Home > Enterprise >  C# Linq - how to create collection of two types using one collection of one type
C# Linq - how to create collection of two types using one collection of one type

Time:01-21

I have a List<Category>

public partial class Category
{
    public int CategoryId { get; set; }

    public string? Name { get; set; }

    public int? ImageId { get; set; }

    public virtual ProductImage? Image { get;
        set; }

    public virtual ICollection<Product> Products { get; } = new List<Product>();
}

and I want to create from this a List<(string, Image)> by using a single linq expression. How can I do this?

Doing it with multiple instructions would look like this:

List<Category> CategoriesWithImages = Context.Categories.Include(c => c.Image).ToList();
List<(string, Image)> values = new List<(string, Image)>();
CategoriesWithImages.ForEach(c => values.Add((c.Name, Image.FromStream(new MemoryStream(c.Image.Image)))));

Is there a better way to do this?

Edit: Unfortunately I have to use Include() method for this to load images from another table

CodePudding user response:

You could do it like this:

List<(string, Image)> values = CategoriesWithImages
    .Select(c => new ValueTuple<string, Image>(c.Name, Image.FromStream(new MemoryStream(c.Image.Image))))
    .ToList();

Using records is another option (requires C# 9 ):

List<ImageData> values = CategoriesWithImages
    .Select(c => new ImageData(c.Name, Image.FromStream(new MemoryStream(c.Image.Image))))
    .ToList();

record struct ImageData(string Name, Image Image);

Note: structy records require C# 10

CodePudding user response:

Right now Context.Categories.Include(c => c.Image) loads the entire Categories and probably Images tables in memory. That's wasteful

A better way would be to retrieve only the necessary fields from the database and not use Image. This class, like all types in the System.Drawing namespace, is only meant for drawing on a desktop screen using GDI and uses limited OS-wide resources. That's why there's no Image.FromBytes - the image is expected to be stored on the local disk or get loaded from the application's resources.

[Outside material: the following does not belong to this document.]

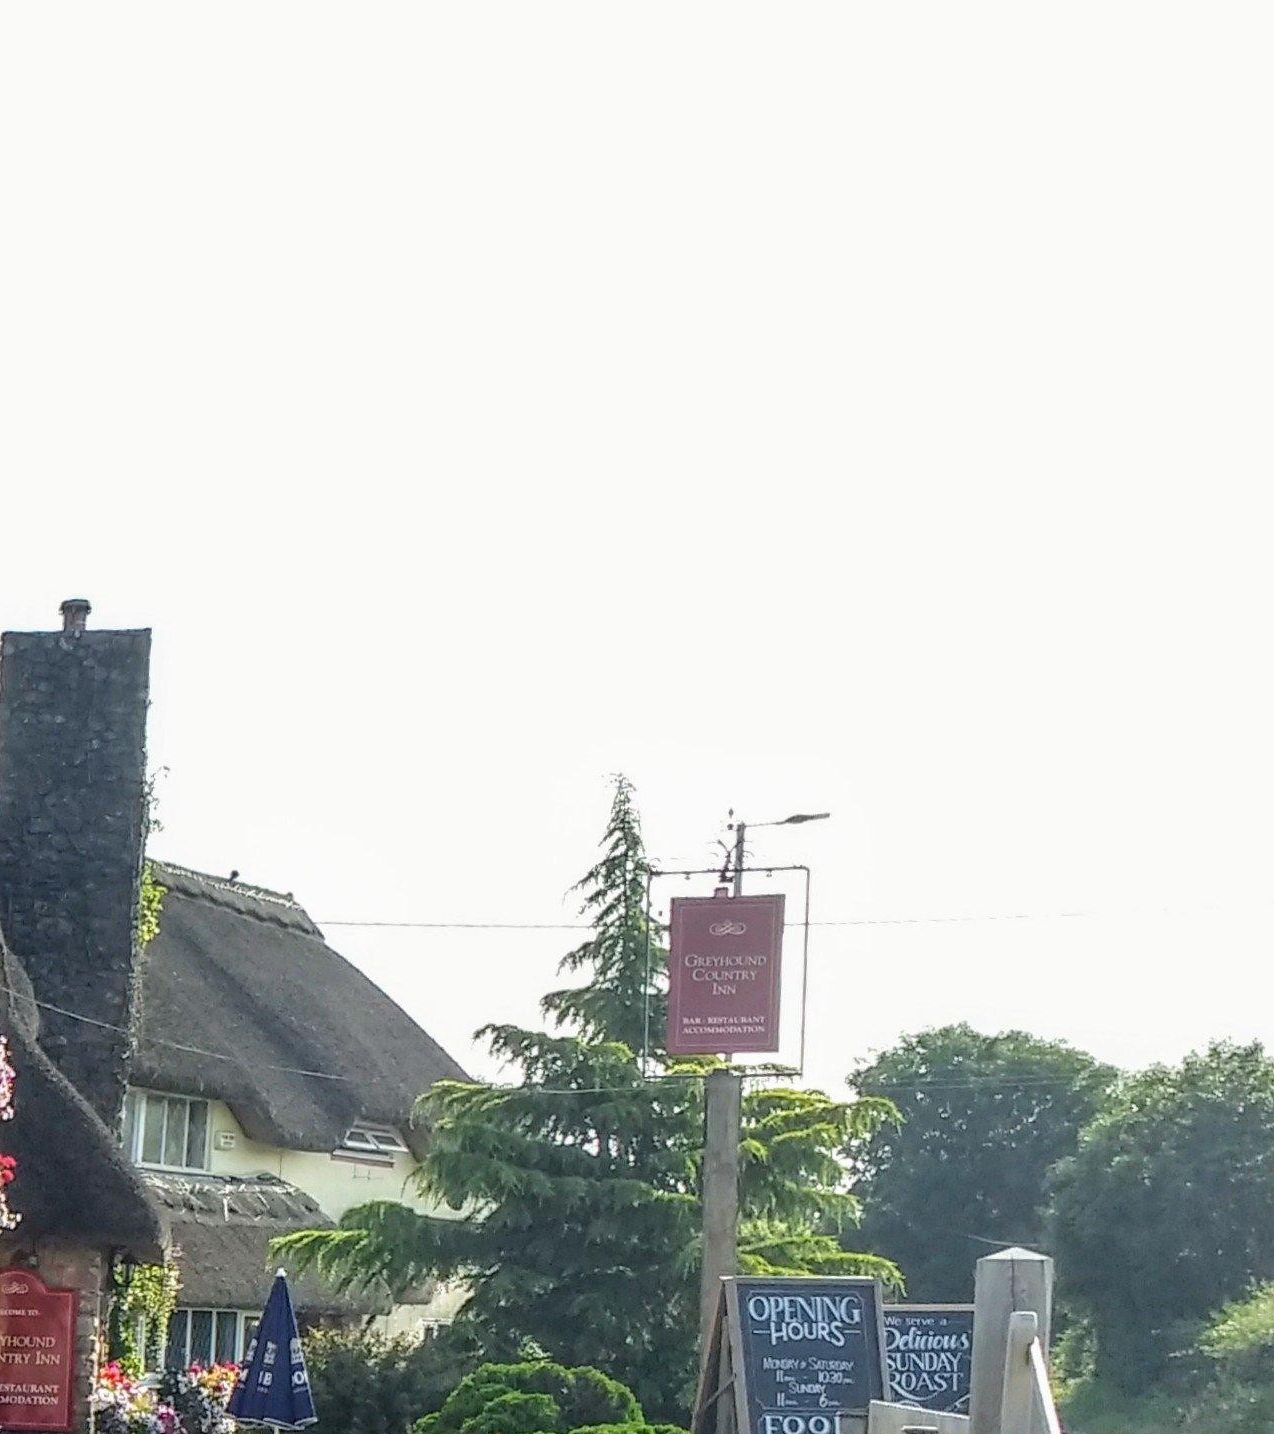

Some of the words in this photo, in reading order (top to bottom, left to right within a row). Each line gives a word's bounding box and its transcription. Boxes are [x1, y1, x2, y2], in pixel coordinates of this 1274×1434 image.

From the comments, it seems there are ~20 thumbnails, 15KB each, displayed in a Windows Forms application.

A LINQ query can load just the name and images as byte[] arrays, in a dictionary or List, depending on usage:

record MyImage(string Name,byte[] Content);

...

var categoryThumbnails=await Context.Categories
    .ToListAsync(new MyImage(c.Name,c.Image.Image));

or

Dictionary<string,byte[]> categoryThumbnails=await Context.Categories
        .ToDictionaryAsync(c=>c.Name,c=>c.Image.Image));

EF Core will generate the necessary JOINs between Categories and the Image table and load only the Name and Image properties.

At this point, a good idea would be to store the images locally, eg in a temporary folder, and load them from disk with the Image-derived Bitmap class and the Bitmap(string) constructor.